# What to produce
Each line below should be repeated exactly as written, with no pictures carried over.

** Opening Data records block **

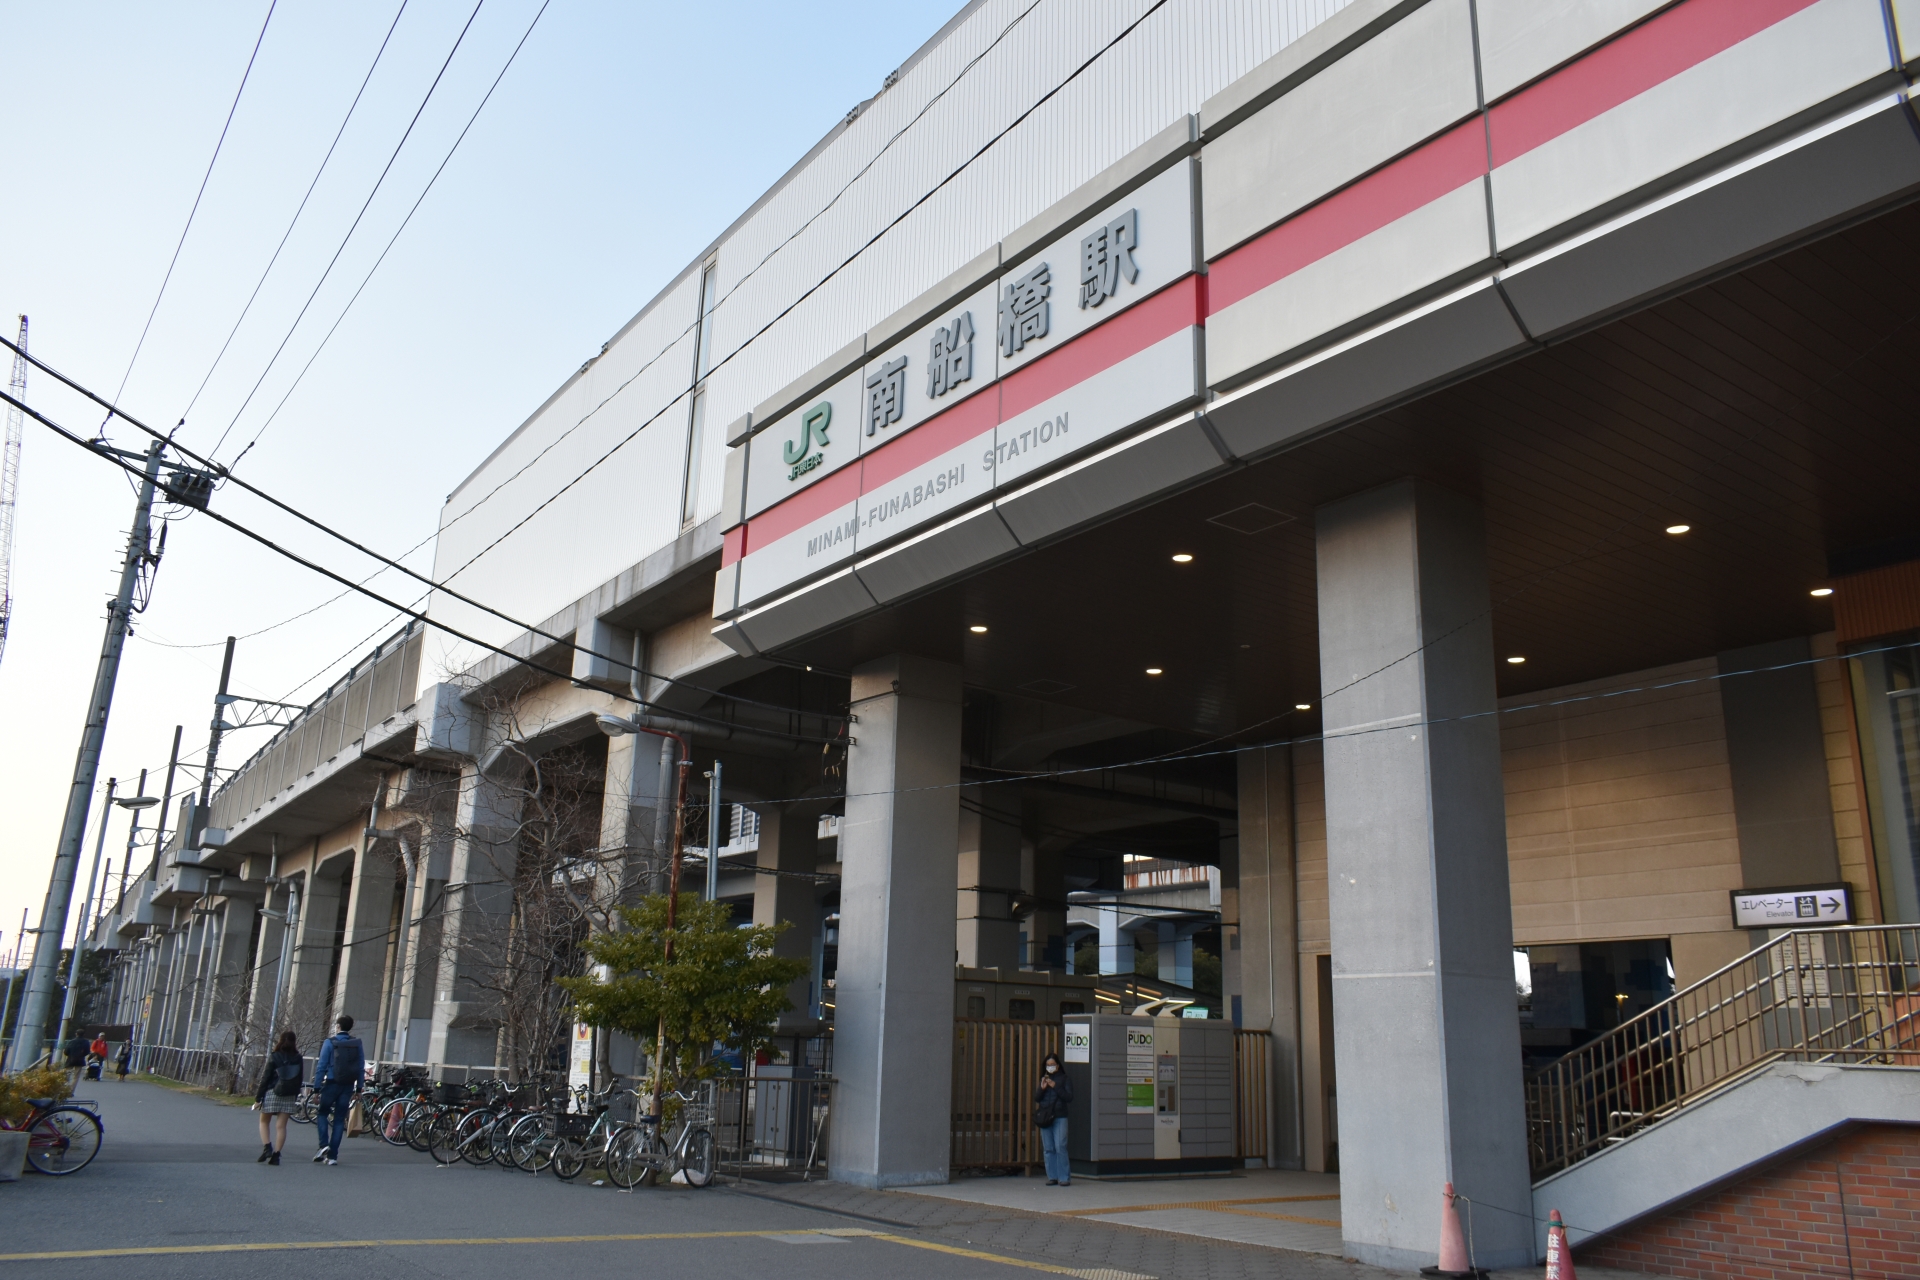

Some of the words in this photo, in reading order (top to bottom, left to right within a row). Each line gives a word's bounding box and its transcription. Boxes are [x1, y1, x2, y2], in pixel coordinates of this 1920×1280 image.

[866, 208, 1139, 437] 南船橋駅
[783, 401, 832, 465] JR
[788, 452, 823, 481] JR東日本
[807, 463, 965, 557] MINAMI-FUNABASHI
[982, 412, 1069, 471] STATION
[1741, 898, 1793, 910] エレベーター
[1066, 1035, 1088, 1046] PUDO
[1128, 1033, 1153, 1045] PUDO
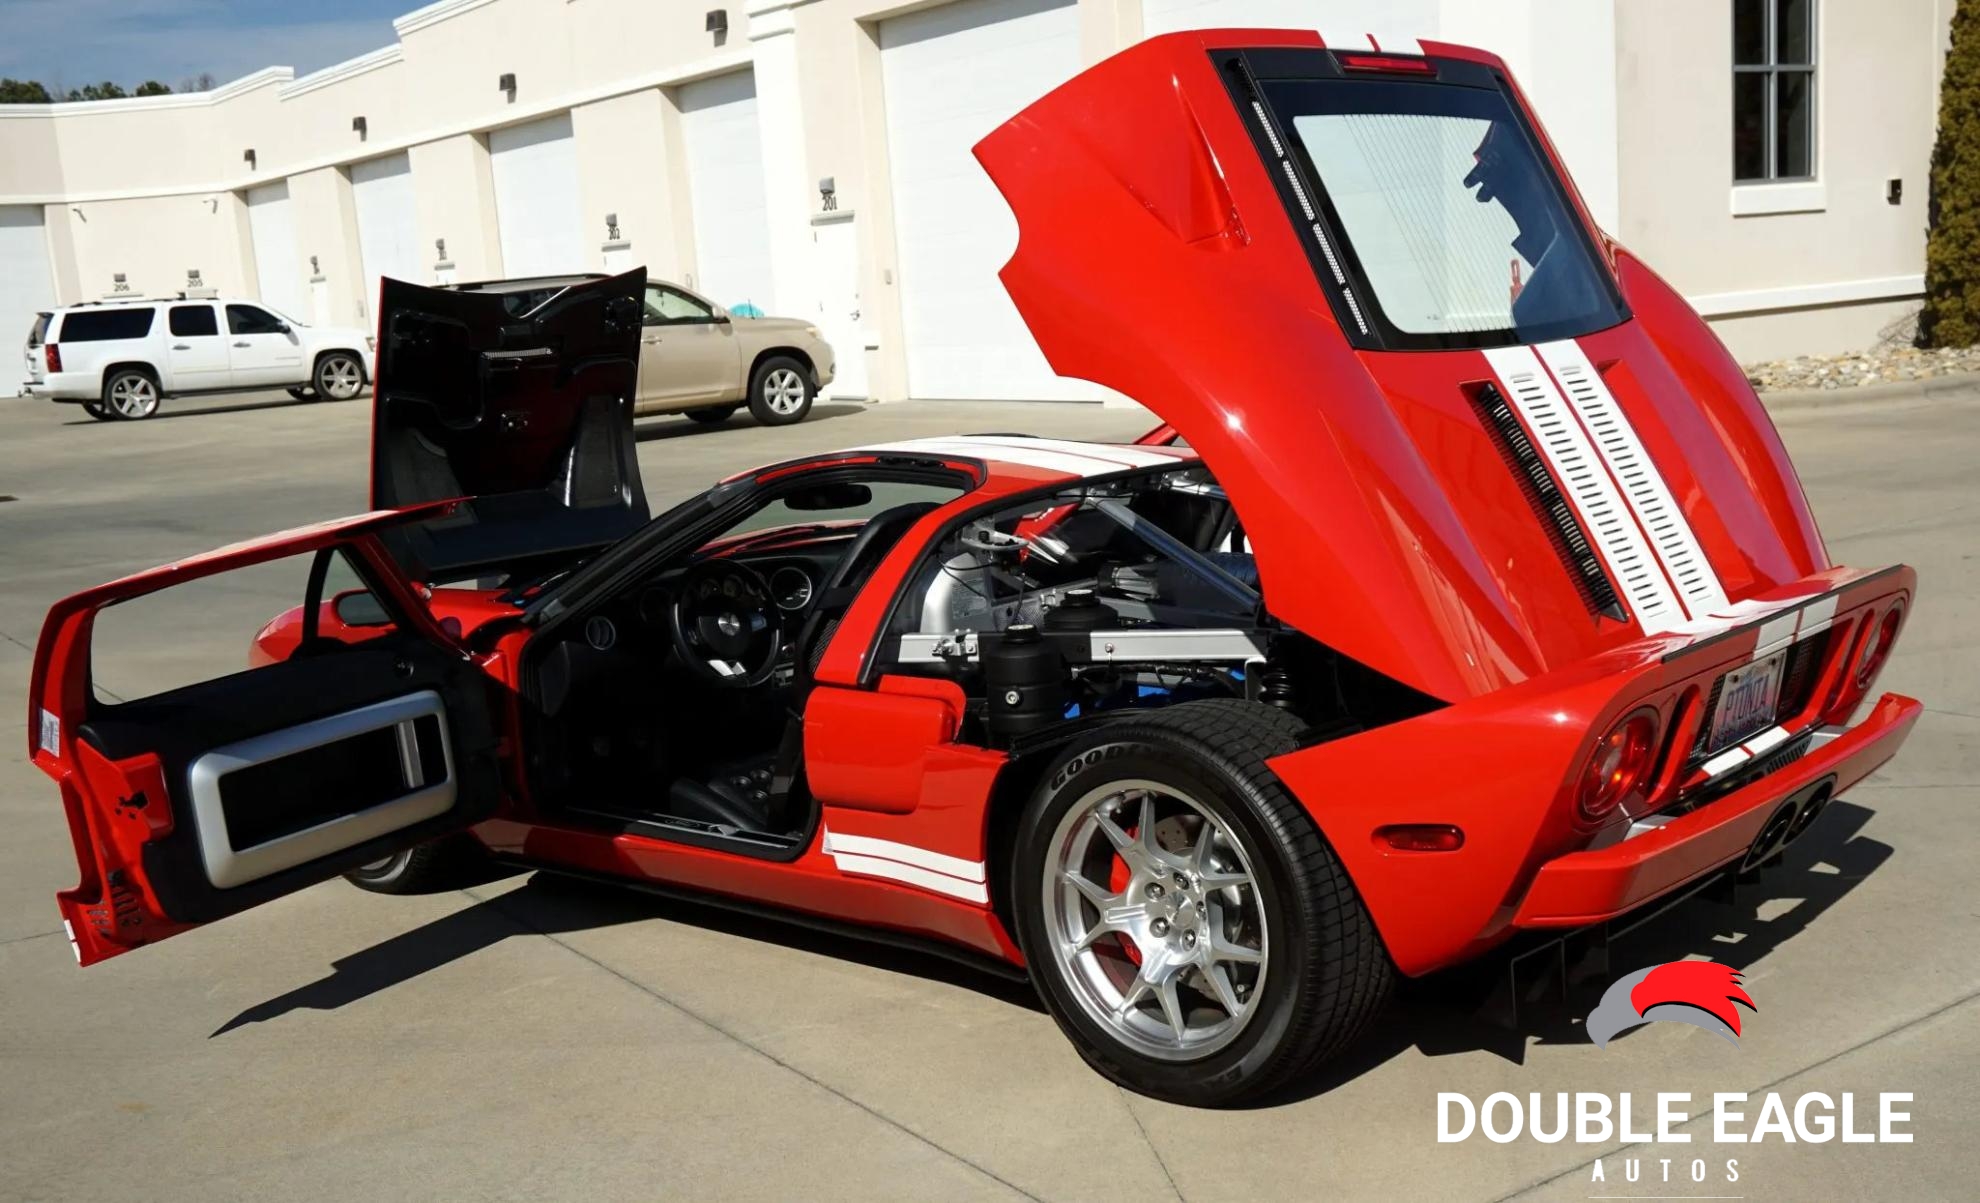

** Closing Data records block **

# Response to this task
Some of the words in this photo, in reading order (top to bottom, left to right within a row). Each line gives a word's bounding box and its transcription. Boxes are [x1, y1, x2, y2], in pixel coordinates of this 1920×1280 image.

[866, 208, 1139, 437] 南船橋駅
[783, 401, 832, 465] JR
[788, 452, 823, 481] JR東日本
[807, 463, 965, 557] MINAMI-FUNABASHI
[982, 412, 1069, 471] STATION
[1741, 898, 1793, 910] エレベーター
[1066, 1035, 1088, 1046] PUDO
[1128, 1033, 1153, 1045] PUDO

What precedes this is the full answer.